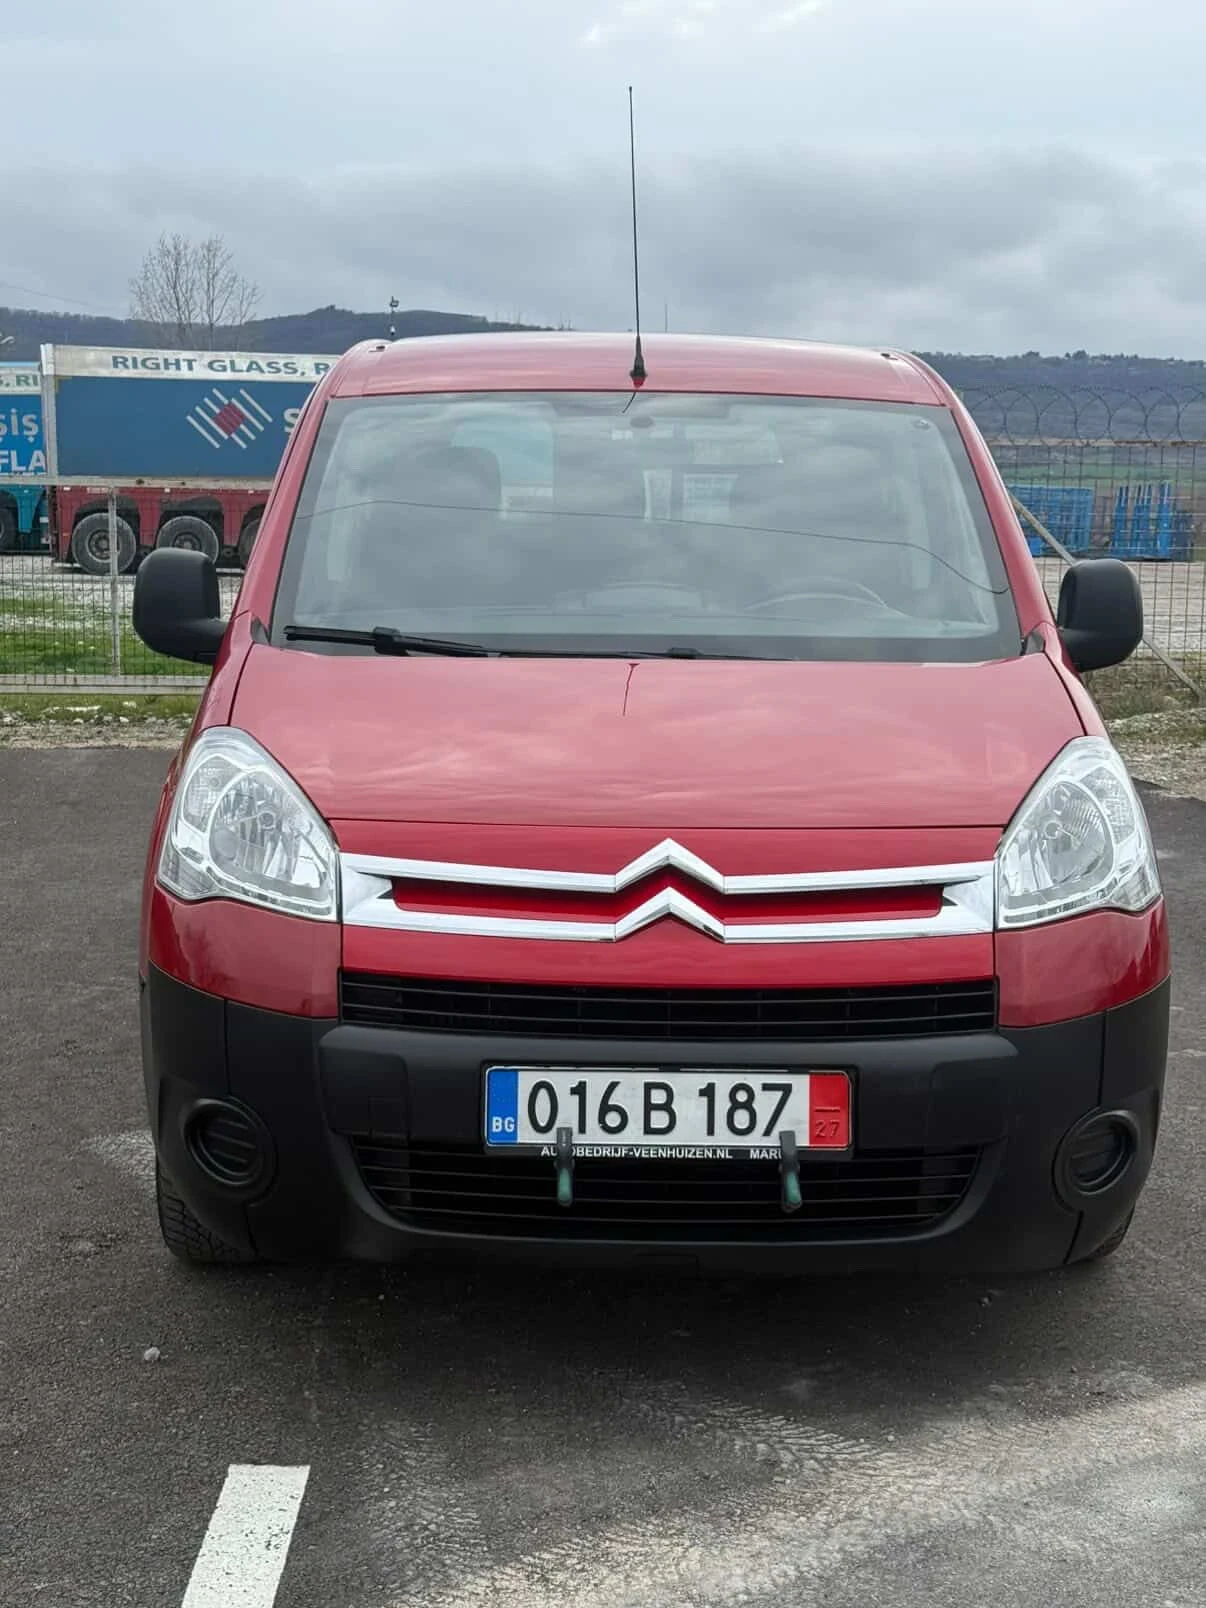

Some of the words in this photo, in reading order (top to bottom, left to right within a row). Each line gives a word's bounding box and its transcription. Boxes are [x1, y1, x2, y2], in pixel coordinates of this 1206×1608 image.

[112, 355, 197, 371] RIGHT
[207, 359, 306, 376] GLASS,
[527, 1080, 629, 1135] 016
[643, 1081, 677, 1135] B
[698, 1082, 793, 1137] 187
[491, 1117, 515, 1132] BG
[814, 1120, 841, 1138] 27
[540, 1145, 733, 1160] AUBEDRIJF-VEENHUIZEN.NL
[749, 1148, 782, 1160] MAR
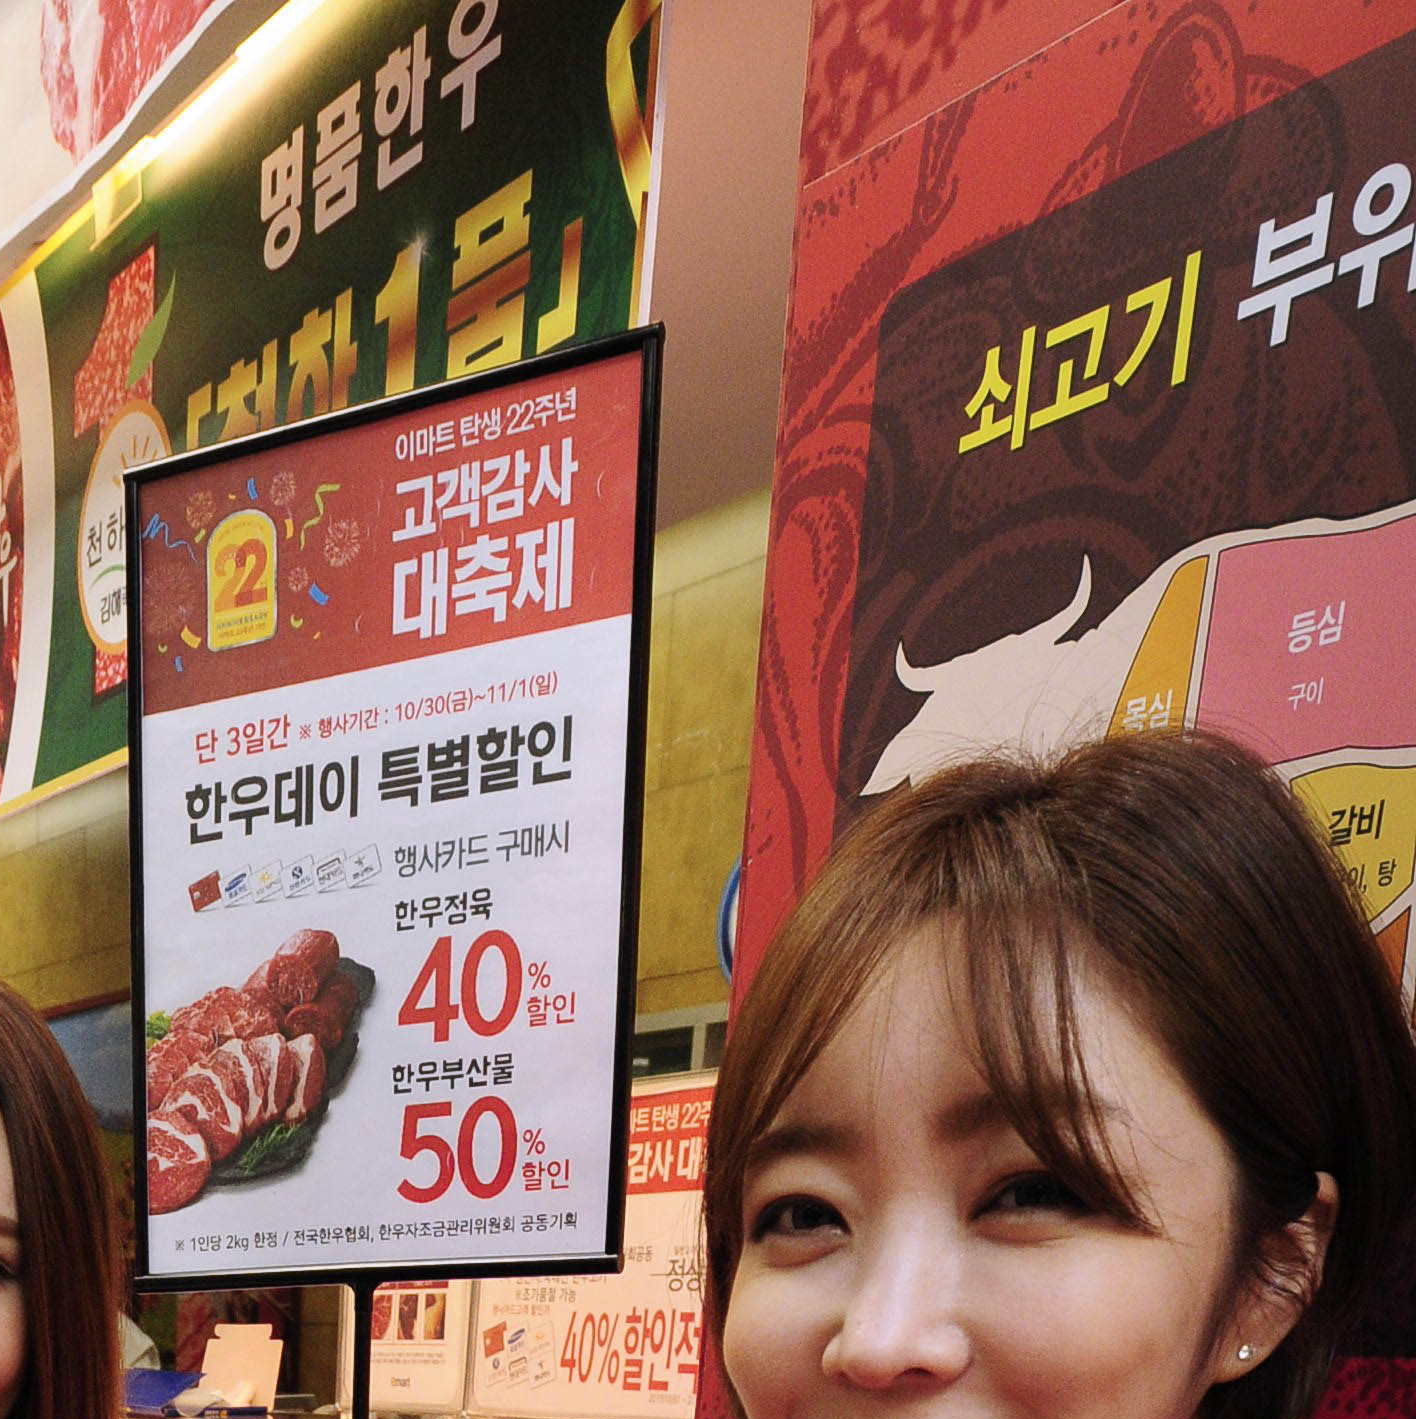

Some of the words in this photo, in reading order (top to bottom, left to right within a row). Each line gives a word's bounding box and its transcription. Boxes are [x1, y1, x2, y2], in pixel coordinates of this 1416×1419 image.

[260, 0, 502, 271] 명품한우
[959, 249, 1202, 455] 쇠고기
[396, 421, 456, 462] 이마트
[460, 409, 503, 447] 탄생
[507, 387, 577, 435] 22주년
[393, 437, 580, 543] 고객감사
[215, 539, 268, 612] 22
[392, 517, 577, 640] 대축제
[1288, 600, 1346, 654] 등심
[194, 732, 220, 765] 단
[225, 715, 291, 758] 3일간
[317, 707, 380, 738] 행사기간
[395, 672, 560, 723] 10/30(금)~11/1(일)
[1123, 688, 1174, 732] 목심
[1288, 677, 1325, 711] 구이
[185, 752, 361, 846] 한우데이
[377, 715, 574, 810] 특별할인
[1329, 798, 1386, 848] 갈비
[394, 832, 490, 879] 행사카드
[496, 820, 571, 863] 구매시
[1378, 858, 1398, 888] 탕
[393, 887, 493, 933] 한우정육
[527, 991, 578, 1027] 할인
[391, 1052, 516, 1095] 한우부산물
[652, 1103, 680, 1132] 탄생
[521, 1159, 572, 1192] 할인
[628, 1139, 674, 1184] 감사
[190, 1235, 222, 1252] 1인당
[226, 1234, 249, 1252] 2kg
[254, 1231, 278, 1249] 한정
[378, 1216, 516, 1241] 한우자조금관리위원회
[520, 1211, 579, 1233] 공동기획

Brief
Although the records contain pictures, only their text should be repeated, exactly as it appears.

Worked solution
Some of the words in this photo, in reading order (top to bottom, left to right within a row). Each line gives a word's bounding box and its transcription. Boxes are [x1, y1, x2, y2], in pixel coordinates of this 1206×1608 image.

[112, 355, 197, 371] RIGHT
[207, 359, 306, 376] GLASS,
[527, 1080, 629, 1135] 016
[643, 1081, 677, 1135] B
[698, 1082, 793, 1137] 187
[491, 1117, 515, 1132] BG
[814, 1120, 841, 1138] 27
[540, 1145, 733, 1160] AUBEDRIJF-VEENHUIZEN.NL
[749, 1148, 782, 1160] MAR

Some of the words in this photo, in reading order (top to bottom, left to right within a row). Each line gives a word's bounding box and its transcription. Boxes are [x1, y1, x2, y2], in pixel coordinates of this 1416×1419 image.

[260, 0, 502, 271] 명품한우
[959, 249, 1202, 455] 쇠고기
[396, 421, 456, 462] 이마트
[460, 409, 503, 447] 탄생
[507, 387, 577, 435] 22주년
[393, 437, 580, 543] 고객감사
[215, 539, 268, 612] 22
[392, 517, 577, 640] 대축제
[1288, 600, 1346, 654] 등심
[194, 732, 220, 765] 단
[225, 715, 291, 758] 3일간
[317, 707, 380, 738] 행사기간
[395, 672, 560, 723] 10/30(금)~11/1(일)
[1123, 688, 1174, 732] 목심
[1288, 677, 1325, 711] 구이
[185, 752, 361, 846] 한우데이
[377, 715, 574, 810] 특별할인
[1329, 798, 1386, 848] 갈비
[394, 832, 490, 879] 행사카드
[496, 820, 571, 863] 구매시
[1378, 858, 1398, 888] 탕
[393, 887, 493, 933] 한우정육
[527, 991, 578, 1027] 할인
[391, 1052, 516, 1095] 한우부산물
[652, 1103, 680, 1132] 탄생
[521, 1159, 572, 1192] 할인
[628, 1139, 674, 1184] 감사
[190, 1235, 222, 1252] 1인당
[226, 1234, 249, 1252] 2kg
[254, 1231, 278, 1249] 한정
[378, 1216, 516, 1241] 한우자조금관리위원회
[520, 1211, 579, 1233] 공동기획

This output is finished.